PROBLEM TO WORK ON:
Once the pictures are set aside, copy everything else in the records exactly.

DATASET RECORDS:
****

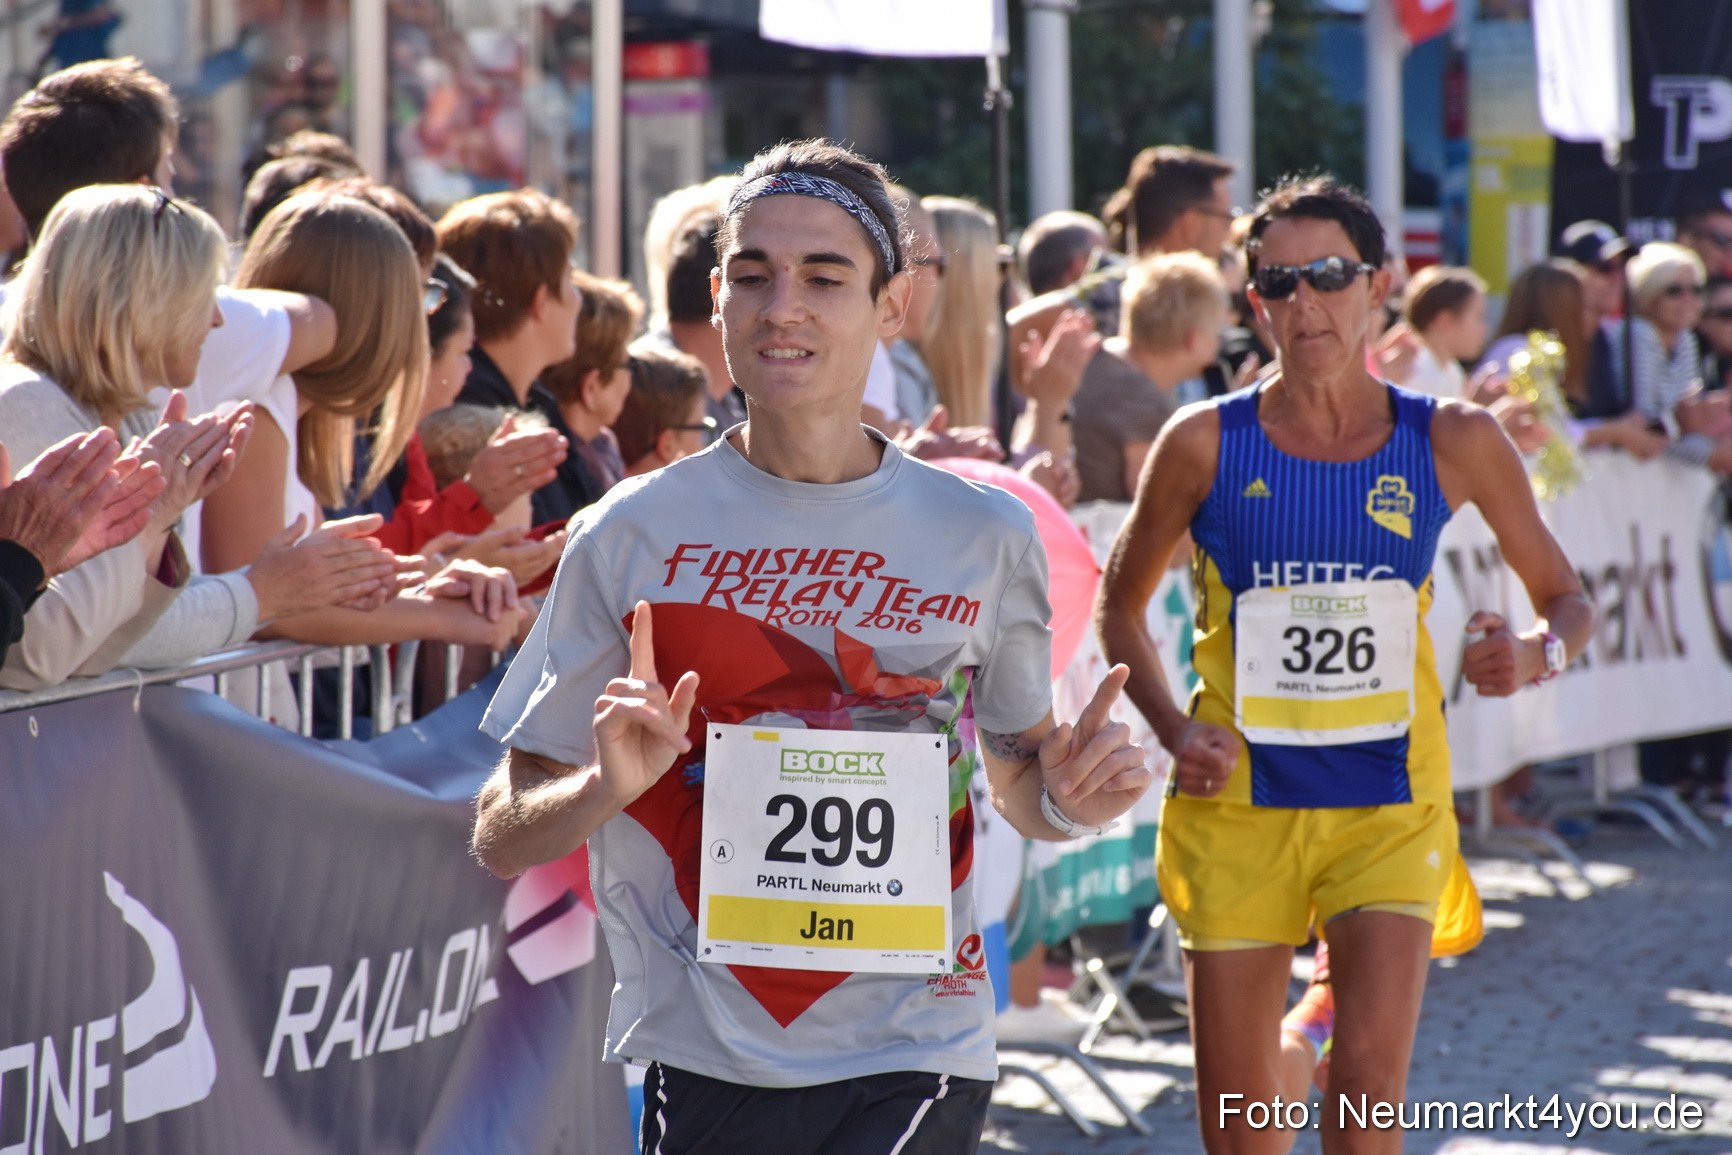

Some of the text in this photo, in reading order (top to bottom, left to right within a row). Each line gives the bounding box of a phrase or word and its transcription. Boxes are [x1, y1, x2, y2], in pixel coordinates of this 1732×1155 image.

[662, 543, 886, 587] FINISHER
[700, 571, 982, 627] RELAY TEAM
[1291, 595, 1367, 614] BOCK
[763, 601, 923, 634] ROTH 2016
[1282, 626, 1376, 675] 326
[1276, 681, 1366, 693] PARTL Neumarkt
[780, 748, 886, 777] BOCK
[780, 773, 887, 786] inspired by smart concepts
[764, 793, 895, 868] 299
[717, 846, 726, 858] A
[757, 874, 882, 894] PARTL Neumarkt
[800, 911, 854, 941] Jan
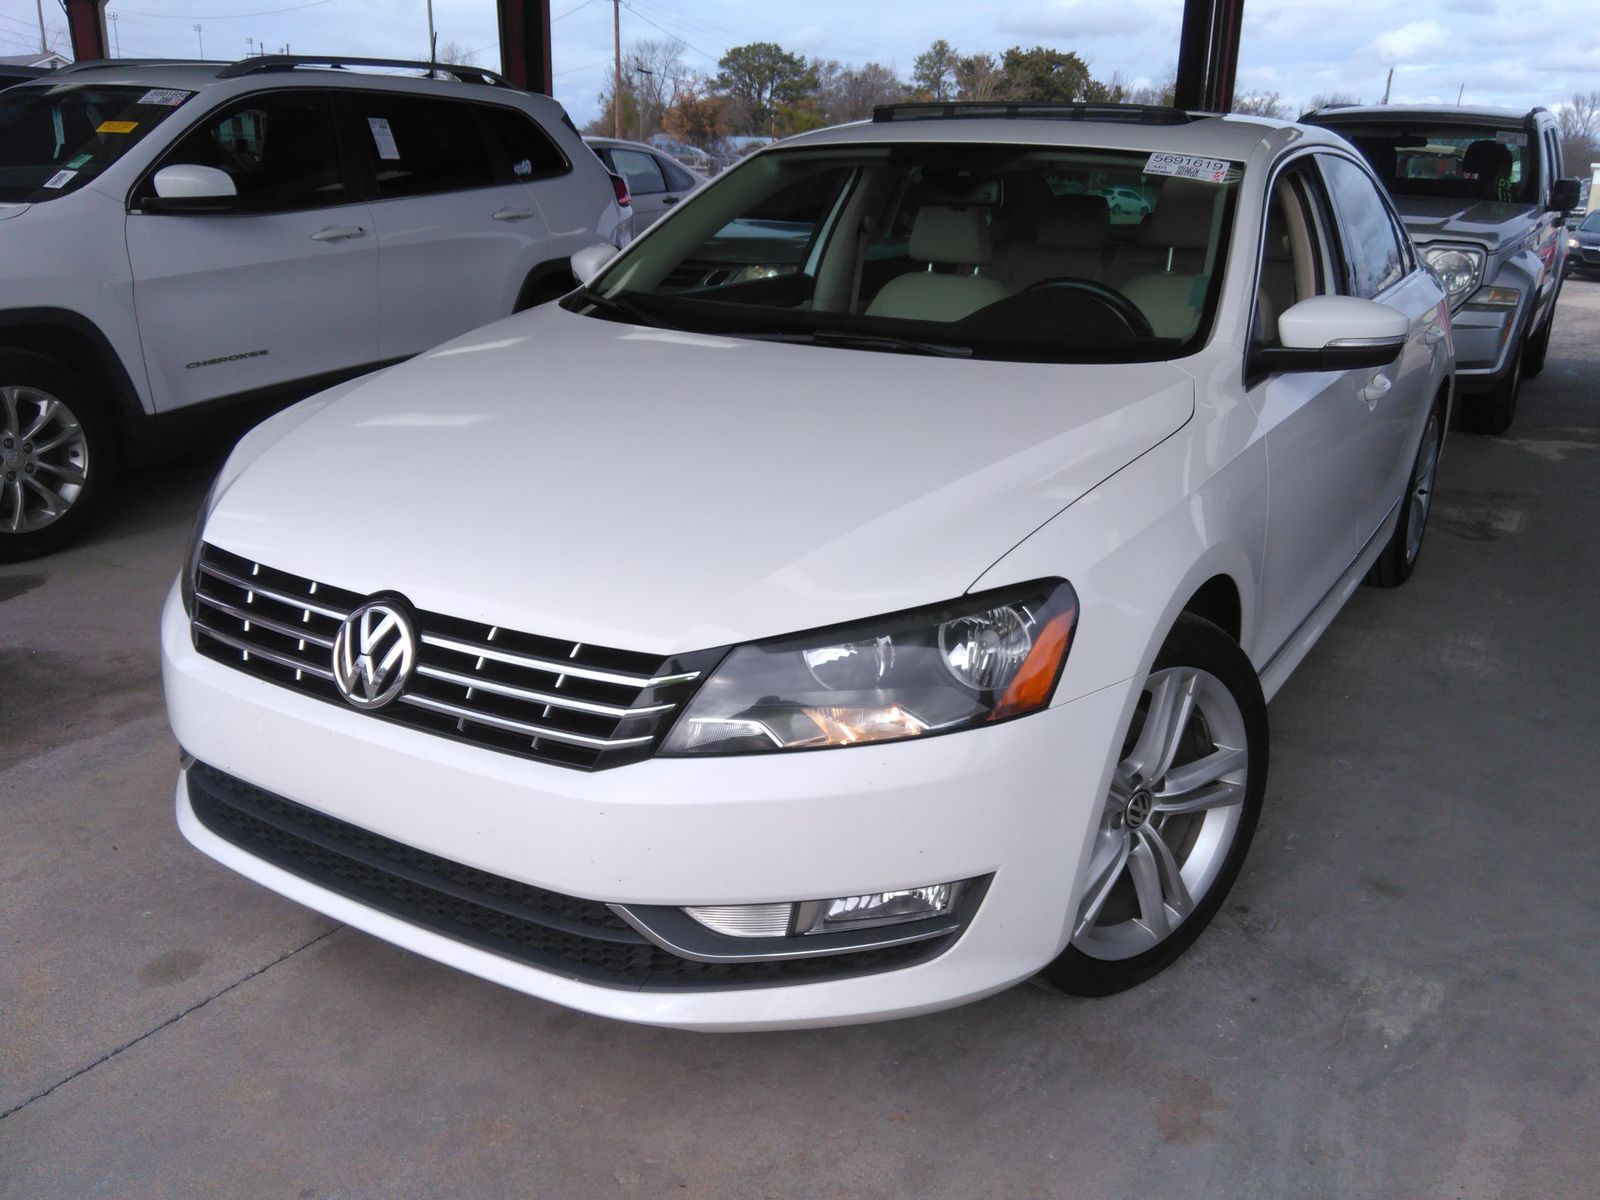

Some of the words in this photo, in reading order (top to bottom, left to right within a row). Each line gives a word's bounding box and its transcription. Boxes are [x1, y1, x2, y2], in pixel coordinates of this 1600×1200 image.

[1153, 154, 1224, 170] 5691619
[186, 349, 269, 369] CHEROKEE
[339, 605, 408, 704] VW
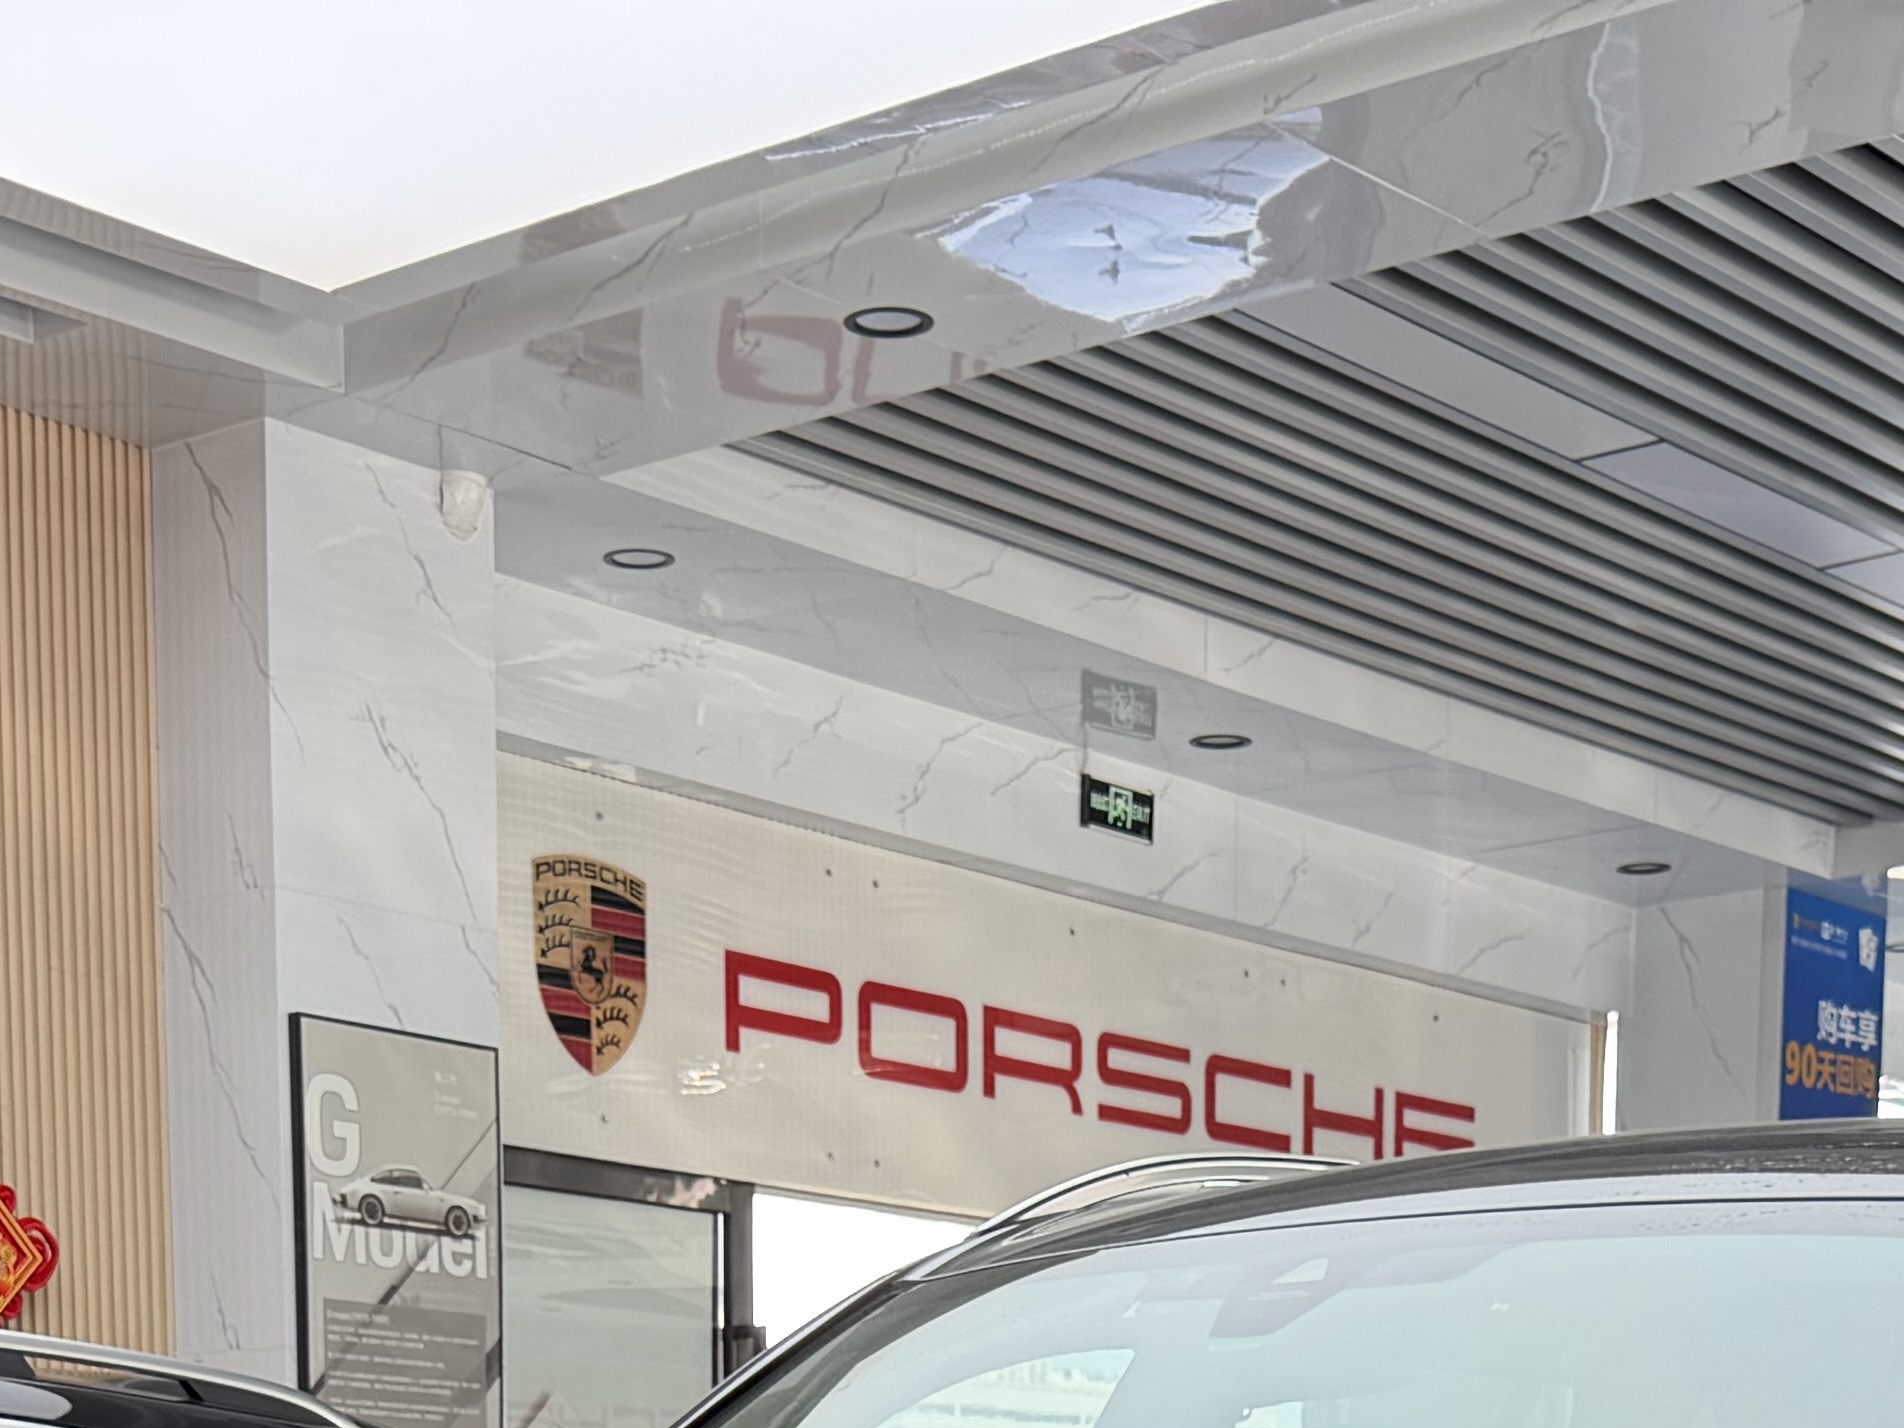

****

WRITTEN SOLUTION:
Some of the text in this photo, in reading order (top to bottom, left to right within a row). Each line gives the bounding box of a phrase or word and its transcription. Boxes are [x1, y1, x2, y2], in pixel coordinates of this 1732×1155 image.

[662, 543, 886, 587] FINISHER
[700, 571, 982, 627] RELAY TEAM
[1291, 595, 1367, 614] BOCK
[763, 601, 923, 634] ROTH 2016
[1282, 626, 1376, 675] 326
[1276, 681, 1366, 693] PARTL Neumarkt
[780, 748, 886, 777] BOCK
[780, 773, 887, 786] inspired by smart concepts
[764, 793, 895, 868] 299
[717, 846, 726, 858] A
[757, 874, 882, 894] PARTL Neumarkt
[800, 911, 854, 941] Jan

Some of the words in this photo, in reading order (top to bottom, left to right within a row). Each line gives a word's bounding box and its transcription. Boxes are [x1, y1, x2, y2], in pixel coordinates of this 1600×1200 image.

[1153, 154, 1224, 170] 5691619
[186, 349, 269, 369] CHEROKEE
[339, 605, 408, 704] VW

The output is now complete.